2009-07-29 Thread Adriel T. Desautels
Oh c'mon nobody is going to chastise me for this?  What's going on  
here?  What's wrong with this list?  Is this the real FD?

Even anti-sec is quiet...

On Jul 28, 2009, at 9:12 PM, Adriel T. Desautels wrote:

 I love it when the CC is off the screen...



 On Jul 28, 2009, at 9:08 PM, Adriel T. Desautels wrote:

 Hey,
  I sent you an email earlier.   I have quite a bit of information to
 share with you regarding these peeps.   Either give me a call or
 shoot me an email and we can do some work with each-other.

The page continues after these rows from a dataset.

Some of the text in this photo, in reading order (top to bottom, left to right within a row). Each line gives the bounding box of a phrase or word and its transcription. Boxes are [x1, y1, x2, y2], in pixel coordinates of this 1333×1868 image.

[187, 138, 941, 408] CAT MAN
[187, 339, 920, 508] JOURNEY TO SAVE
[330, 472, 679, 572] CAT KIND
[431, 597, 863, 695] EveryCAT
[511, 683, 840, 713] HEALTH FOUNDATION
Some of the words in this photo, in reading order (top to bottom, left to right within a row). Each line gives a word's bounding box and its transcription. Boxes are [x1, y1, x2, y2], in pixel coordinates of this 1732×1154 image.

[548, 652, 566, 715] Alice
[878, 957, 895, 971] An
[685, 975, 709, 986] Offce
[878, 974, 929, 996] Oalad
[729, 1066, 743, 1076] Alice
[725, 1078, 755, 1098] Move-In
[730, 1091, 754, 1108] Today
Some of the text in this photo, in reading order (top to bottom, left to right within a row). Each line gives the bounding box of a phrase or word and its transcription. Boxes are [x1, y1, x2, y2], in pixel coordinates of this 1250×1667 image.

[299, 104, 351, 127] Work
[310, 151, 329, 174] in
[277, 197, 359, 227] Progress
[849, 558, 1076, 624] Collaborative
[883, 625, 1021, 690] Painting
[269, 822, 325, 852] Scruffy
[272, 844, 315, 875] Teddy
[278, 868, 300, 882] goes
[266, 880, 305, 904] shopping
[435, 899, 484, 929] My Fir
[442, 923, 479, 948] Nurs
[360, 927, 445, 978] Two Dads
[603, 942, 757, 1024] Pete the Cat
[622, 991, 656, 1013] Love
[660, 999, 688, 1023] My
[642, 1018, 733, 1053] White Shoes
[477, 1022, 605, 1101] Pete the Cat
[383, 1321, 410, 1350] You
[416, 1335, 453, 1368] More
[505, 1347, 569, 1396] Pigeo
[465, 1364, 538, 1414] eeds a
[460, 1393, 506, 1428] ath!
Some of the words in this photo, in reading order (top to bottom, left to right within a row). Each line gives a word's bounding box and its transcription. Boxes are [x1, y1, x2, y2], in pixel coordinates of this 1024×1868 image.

 On Jul 28, 2009, at 6:52 PM, antisec exposed wrote:

 Hmm, he thinks he is untouchable because he cant think of any
 hackers in Saudi being arrested. Also he thinks his ip doesn't
 matter cause he may have used a proxy in his hacking. Well I
 suppose taking credit for it over and over and over like it is your
 life's achievement doesn't matter eh?

 Let's face it antisec, you are LAME. No one gives a shit about your
 cause. The only noteworthy hack you have done is imageshack which
 will also be your undoing. Let;s do a lil recap of your so great
 achievements.

 -astalavista.com - lame spammy site with dead forum, who gives a
 shit? And secondly who even took them seriously in the first place?
 No one. That's who.
 -ssanz - Who the fuck is ssanz? Some kid running a server
 management company from his laptop? Who the hell even heard of him
 much less took his site and services seriously? Wow, you sure have
 changed the world with this hack, how dare some 15 year old kid
 advertise secure server management. You really taught the rest of
 us a lesson.
 -secureservertech - jesus fucking christ, has anyone even seen this
 site? A shitty no name hosting company with a shitty template
 monster template offering secure web hosting. You got to be kidding
 me, yet another company no one has heard of much less take anything
 they say seriously. What another great achievement there, you
 really are changing things, Gee the entire internet depended on
 them for secure web hosting. /sarcasm
 -infosec.org.uk - yet another no name security site/security expert
 no one gives a shit about.

 All of your fine select targets shows you are just a bunch of
 kiddies who happened to get a a few good exploits which you no
 doubt did not write. If you really wanted to teach us all a
 lesson and punish anyone who dare advocates security why not go
 after someone we have all actually heard of? like securityfocus,
 synmatec, etc? Im sure everyone knows the answer - you just simply
 arent able to.

 Kids like you pop up ever few years and get swatted down like the
 lil flies you are. Within a month I guarantee you and your hrdev
 buddies will be arrested. Keep on thinking you are untouchable, you
 are not.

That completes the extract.